The new headquarters for nonprofit
Be the Match marks another addition to the North Loop area. The 240,000-square-foot building, developed by Bloomington-based United Properties, was completed in November.
But the North Loop is not the only area drawing new office development. The other office projects nearing completion across the metro include:
The two-tower Downtown East project in Minneapolis, which has 1.2 million square feet of combined space, will be occupied and owned by Wells Fargo. The western tower will be completed in the first quarter of this year; the eastern tower will be finished in the second quarter.
Xcel Energy Inc., which will occupy a new building on Nicollet Mall, expanding its downtown Minneapolis campus. The 222,000-square-foot building will be completed in August.
The Offices at MOA, which added 170,000 square feet of new Class A office space to the Mall of America in Bloomington. The space was being completed as Twin Cities Business went to press, but had not announced any tenants.
But even amid the building boomlet for new office buildings, there is no shortage of empty space in older existing buildings. Cushman & Wakefield/NorthMarq reported that the metro office vacancy rate of 16.4 percent at the end of June 2015 was the lowest the market has seen in seven years, but that’s still relatively high. In downtown Minneapolis, C&W/NorthMarq reported a 2015 mid-year office vacancy rate of 15.6 percent—but that still translated into 4.1 million square feet of vacant office space available in downtown Minneapolis.
And the vacancy rate could climb higher. C&W/NorthMarq’s report notes that as tenants such as Wells Fargo and Xcel Energy move to new buildings, they will be leaving behind space in other buildings in the multi-tenant market. The report estimates that those tenants will vacate approximately 1.5 million square feet of space in downtown Minneapolis in 2016 and ’17.
“Downtown [Minneapolis] is attracting suburban tenants. I’ve seen more of it in the last 12 to 18 months than I’ve seen in a long time,” says Salmen. “But we’ve got a lot of vacant space to fill in the core.”
Minnetonka-based Opus Group is developing the Xcel Energy project in downtown Minneapolis, but the company has no other office projects underway in the Twin Cities and won’t build on spec.
“I think speculative office [construction] downtown in any large scale is challenging and will require significant preleasing,” says Dave Menke, president of Opus Development Co., adding that the challenge for developers is landing an anchor tenant to kick off projects. Menke thinks that T3 will succeed in the North Loop, but says that there are lots of empty office spaces to fill: “There still needs to be a considerable amount of absorption of existing inventory.”
Challenges also remain for new office projects in the suburbs. Malvern, Pa.-based Liberty Property Trust stopped construction on Liberty Plaza, a 120,000-square-foot office building in Eden Prairie, in 2008 when the economy began to slow. Seven years later, the company still has no plans to restart the project.

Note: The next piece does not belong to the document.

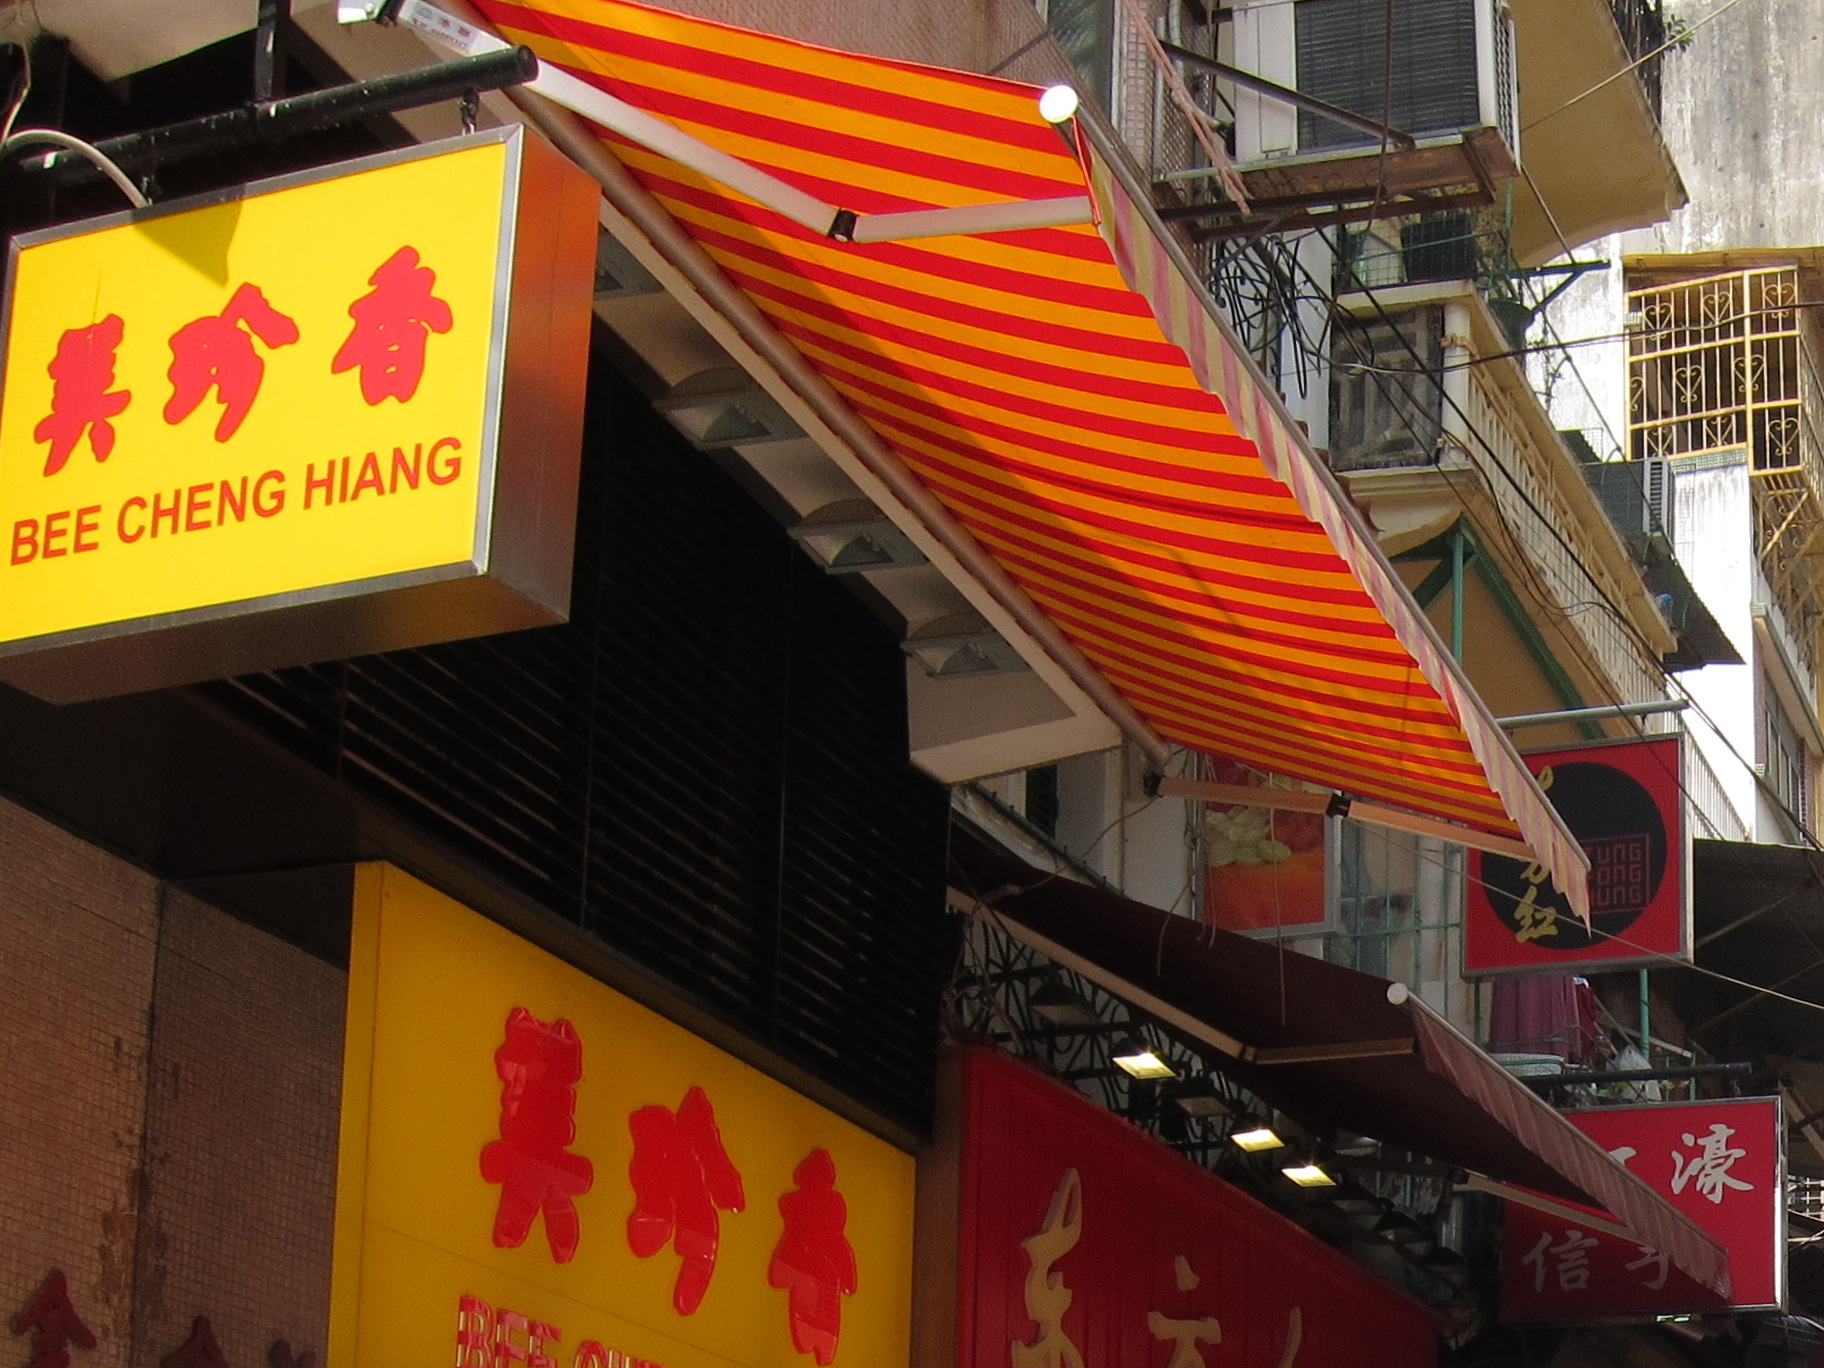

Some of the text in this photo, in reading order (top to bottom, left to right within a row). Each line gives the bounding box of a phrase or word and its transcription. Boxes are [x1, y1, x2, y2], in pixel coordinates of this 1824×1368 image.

[10, 436, 462, 566] BEE CHENG HIANG
[1589, 864, 1642, 886] ONG

“Until there’s a strong enough market and an anchor tenant, we won’t start it. I don’t think we would start a building in today’s environment,” says Dave Jellison, vice president and city manager for Liberty’s Minnesota operations. “I think we’re seeing gradual improvement, but nobody’s building spec buildings because there isn’t enough demand to require that space.”

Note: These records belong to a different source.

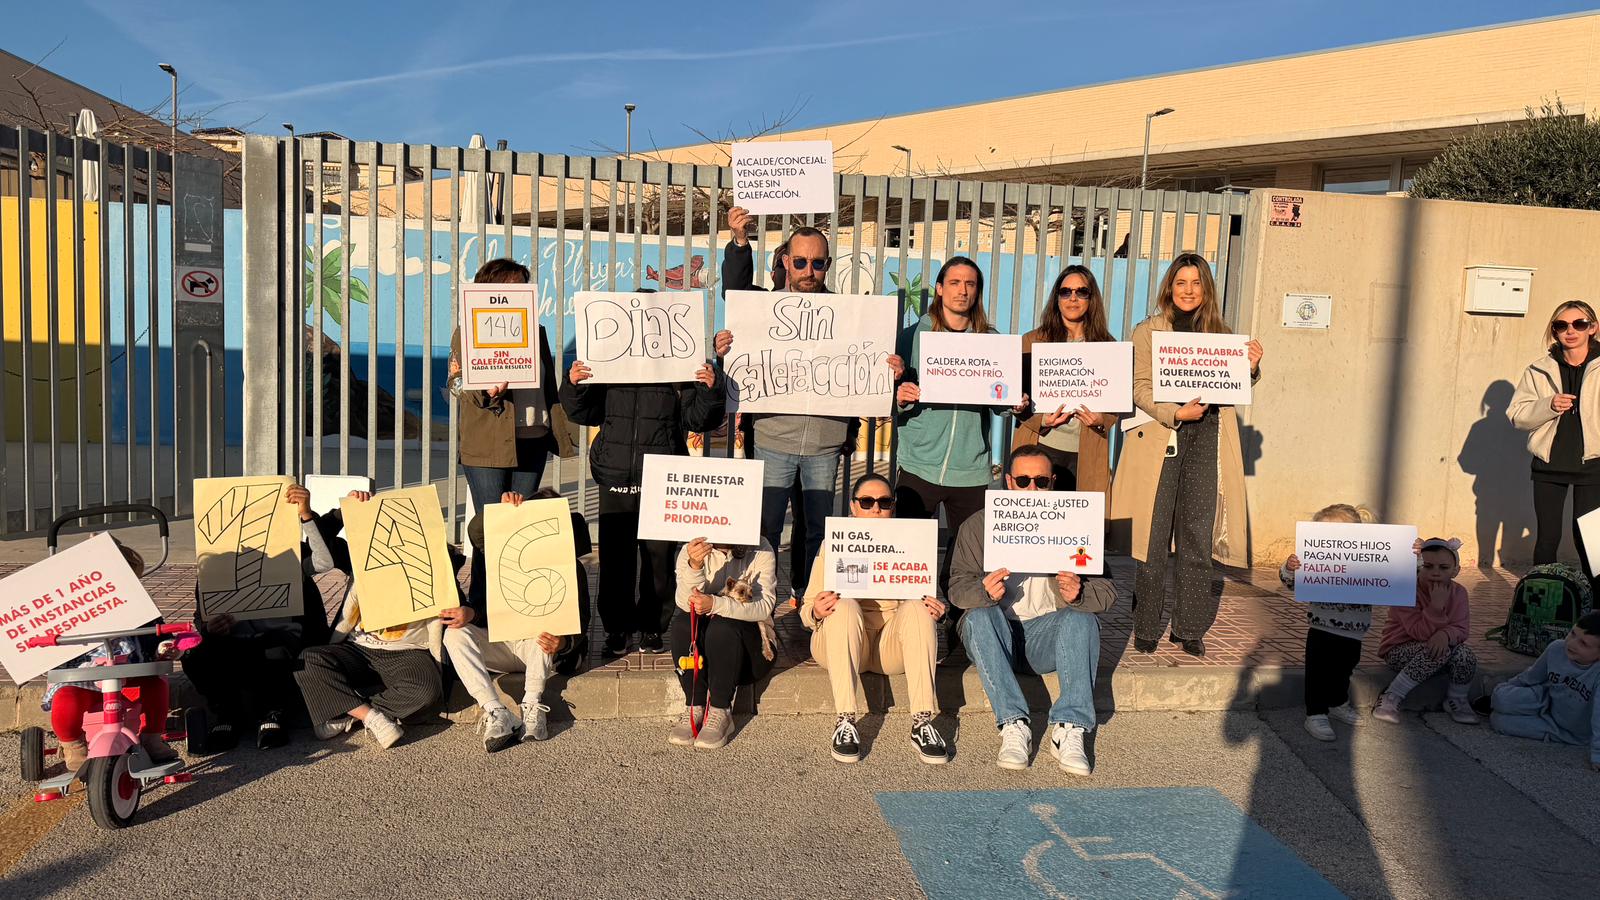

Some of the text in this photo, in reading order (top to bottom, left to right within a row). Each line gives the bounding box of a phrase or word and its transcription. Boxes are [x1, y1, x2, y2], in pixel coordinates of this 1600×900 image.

[736, 156, 827, 166] ALCALDE/CONCEJAL:
[736, 168, 806, 177] VENGA USTED A
[737, 179, 780, 188] CLASE SIN
[737, 189, 801, 199] CALEFACCIÓN.
[489, 293, 509, 304] DÍA
[768, 295, 834, 341] Sin
[484, 315, 520, 337] 146
[584, 297, 696, 362] Dias
[1159, 346, 1244, 356] MENOS PALABRAS
[471, 356, 532, 366] CALEFACCIÓN
[926, 356, 966, 366] CALDERA
[968, 358, 991, 366] ROTA
[1039, 358, 1082, 366] EXIGIMOS
[1168, 356, 1188, 366] MÁS
[1191, 357, 1228, 367] ACCIÓN
[926, 367, 1004, 378] NIÑOS CON FRÍO.
[1039, 367, 1095, 376] REPARACIÓN
[1159, 368, 1230, 378] ¡QUEREMOS YA
[1039, 378, 1108, 389] INMEDIATA. ¡NO
[1160, 379, 1241, 390] LA CALEFACCIÓN!
[1039, 389, 1102, 398] MÁS EXCUSAS!
[667, 473, 745, 486] EL BIENESTAR
[666, 486, 720, 498] INFANTIL
[665, 500, 708, 511] ES UNA
[993, 497, 1089, 510] CONCEJAL: ¿USTED
[664, 513, 731, 526] PRIORIDAD.
[993, 510, 1066, 520] TRABAJA CON
[992, 523, 1039, 532] ABRIGO?
[832, 531, 873, 541] NI GAS,
[992, 534, 1091, 546] NUESTROS HIJOS SÍ.
[198, 483, 290, 615] 1
[831, 544, 905, 554] NI CALDERA...
[1304, 539, 1391, 551] NUESTROS HIJOS
[364, 497, 435, 612] 4
[1303, 551, 1389, 563] PAGAN VUESTRA
[498, 517, 567, 617] 6
[873, 561, 928, 571] ¡SE ACABA
[1303, 563, 1347, 573] FALTA DE
[873, 575, 931, 584] LA ESPERA!
[1303, 576, 1391, 588] MANTENIMINTO.
[0, 570, 103, 627] MÁS DE 1 AÑO
[5, 581, 116, 640] DE INSTANCIAS
[43, 596, 128, 638] RESPUESTA.
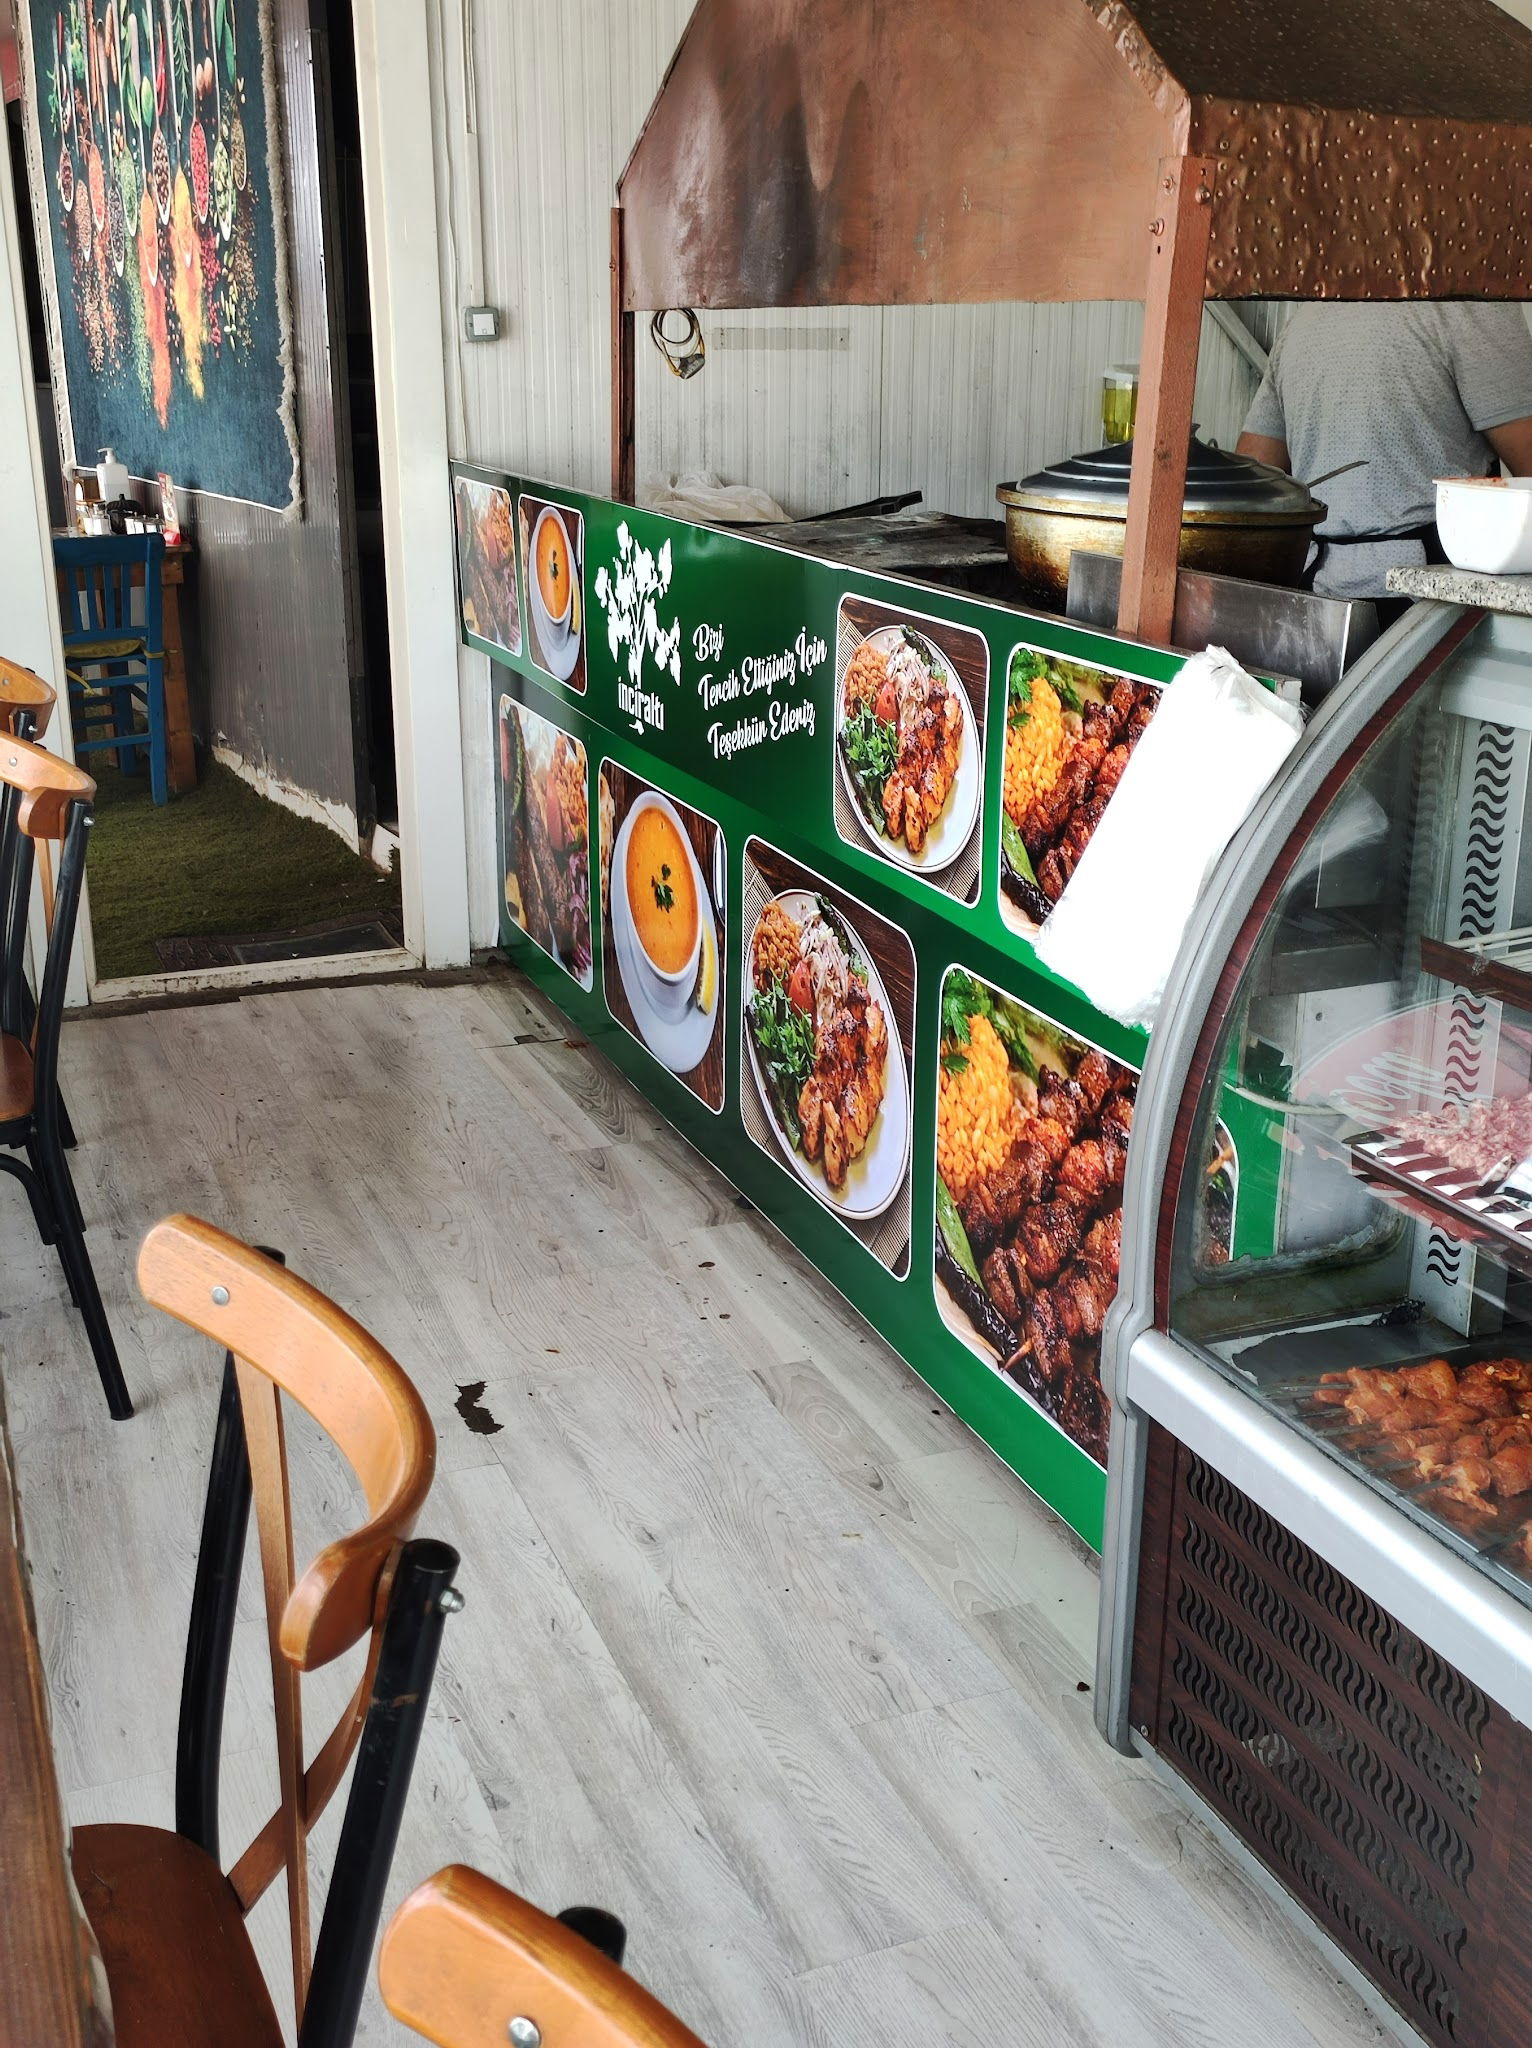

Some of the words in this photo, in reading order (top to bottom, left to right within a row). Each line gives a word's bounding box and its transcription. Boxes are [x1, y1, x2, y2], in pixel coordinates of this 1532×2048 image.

Many market watchers, however, say that the area near the West End in St. Louis Park can likely support new development. Excelsior Group, based in St. Louis Park, has a site that can accommodate two new office towers near the intersection of Interstate 394 and Highway 100. Tom Tracy, vice president with the Excelsior Group, notes that the site is close to downtown Minneapolis, a draw for prospective tenants.
“There’s interest in our site. We would like to start in 2016; that’s our objective and we think that’s a realistic objective,” says Tracy. “There are always more proposals than there are real deals, but we really feel strongly about the fundamentals of our site and the building that we can develop here.”
Burl Gilyard is TCB’s senior writer.